Riding trousers for colder/wetter conditions are currently all the rage, which means O’Neal’s new Trailfinder pant joins a burgeoning segment with a lot of competition
This new breed is typically lighter and more flexible than old-style DH trousers, built with tough woven-nylon fabrics. Thin and fitted, the Trailfinders follow this mould, but stand out on value, with an asking price that undercuts plenty of options by a significant amount – up to £80 in some cases.
O’Neal’s fabric is even thinner than most, and there’s also an overall minimalist construction with a lightweight elasticated waist band, Velcro fly and fastening buckle. I’ll admit to some initial reservations about this skimpiness, but, our riding, the Trailfinder strikes a good balance between warmth, drying time and unrestricted movement.
Even on single digit Celsius days, the four-way flexible fabric is sufficiently windproof, so letting in too much cold air isn’t an issue, and the quick-drying fabric doesn’t get overly sodden and heavy when soaked, or excessively sweaty and steamy when working hard.
The ‘athletic’ fit is sorted; tight around the ankle and calf to keep the material out of the chain and packing just enough room for muscular thighs and glutes. The zipped side pockets are well located on the front of the thigh too, so any kit held within doesn’t swing about too much.
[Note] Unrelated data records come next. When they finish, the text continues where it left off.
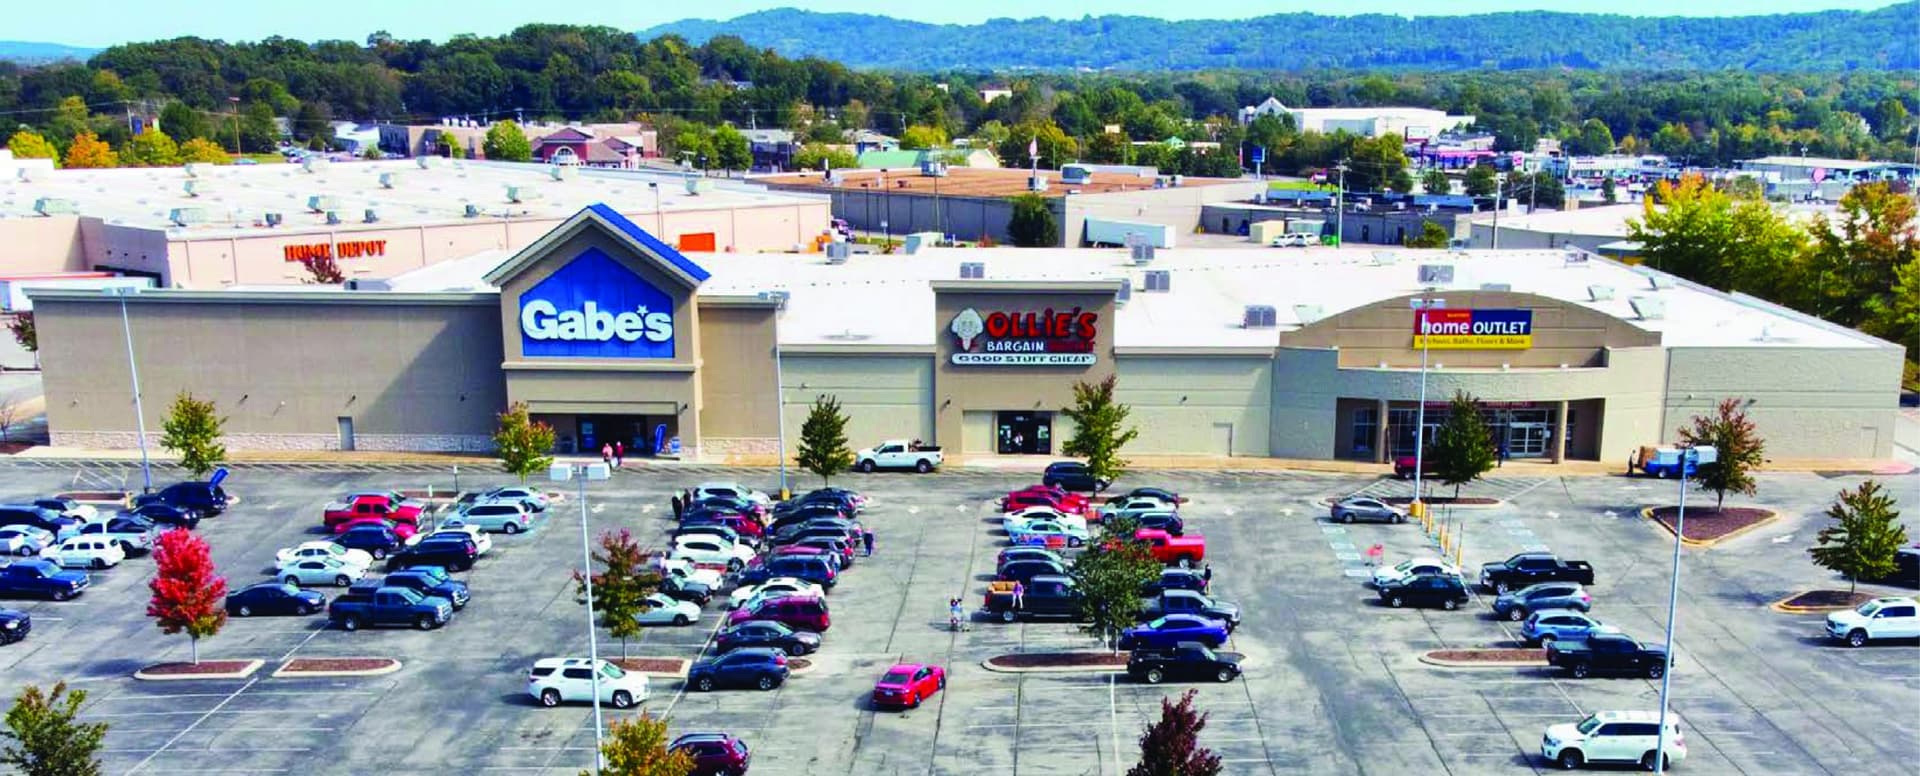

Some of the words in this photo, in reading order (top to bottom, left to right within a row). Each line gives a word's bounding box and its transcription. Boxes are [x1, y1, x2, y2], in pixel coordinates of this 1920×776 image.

[337, 240, 386, 258] DEPOT
[521, 299, 673, 342] Gabe's
[1421, 313, 1470, 334] home
[1472, 321, 1527, 334] OUTLET
[986, 341, 1045, 352] BARGAIN
[958, 355, 1002, 363] GOOD
[1005, 355, 1047, 363] STUFF
[1049, 355, 1090, 363] CHEAP
The minimal design lacks a thicker crotch or waterproof material in the seat area, so doesn’t offer much protection for repeated splashing and puddles, and I noticed the front panel around the groin is a bit tight too, once the plastic waistband buckle (with its good range of adjustment and rock-solid closure) is cinched up tight.
Overall, O’Neal’s Trailfinder is a good value, practical riding trouser in the vein of Fox’s popular Flexair pant, at a really competitive price.